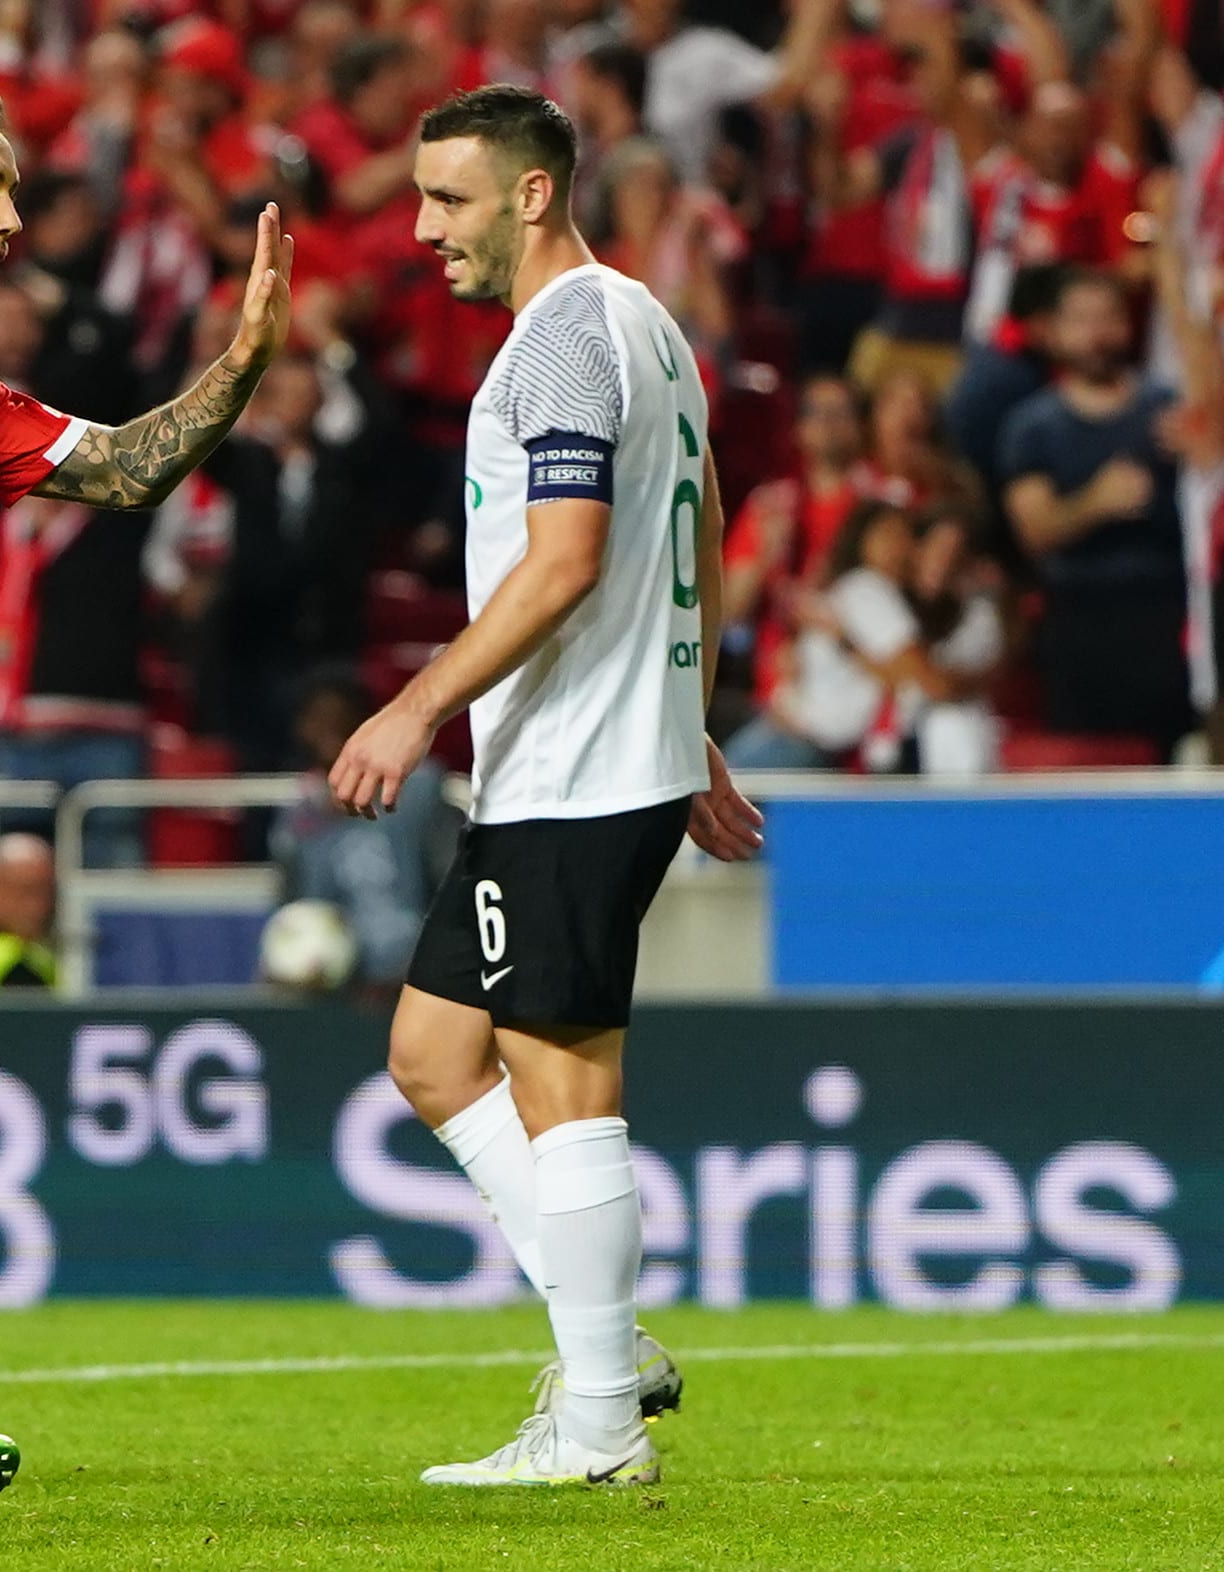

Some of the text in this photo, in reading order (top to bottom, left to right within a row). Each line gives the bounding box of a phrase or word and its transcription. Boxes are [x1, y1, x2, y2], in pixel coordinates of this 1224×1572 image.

[532, 448, 604, 463] NO TO RACISM
[547, 468, 598, 481] RESPECT
[474, 879, 506, 963] 6
[67, 1018, 270, 1167] 5G
====
**Work order:**
Repeat the material above verbatim. Leave the pictures behind.

**Result of this task:**
Some of the text in this photo, in reading order (top to bottom, left to right within a row). Each line gives the bounding box of a phrase or word and its transcription. Boxes are [x1, y1, x2, y2], in pixel coordinates of this 1224×1572 image.

[532, 448, 604, 463] NO TO RACISM
[547, 468, 598, 481] RESPECT
[474, 879, 506, 963] 6
[67, 1018, 270, 1167] 5G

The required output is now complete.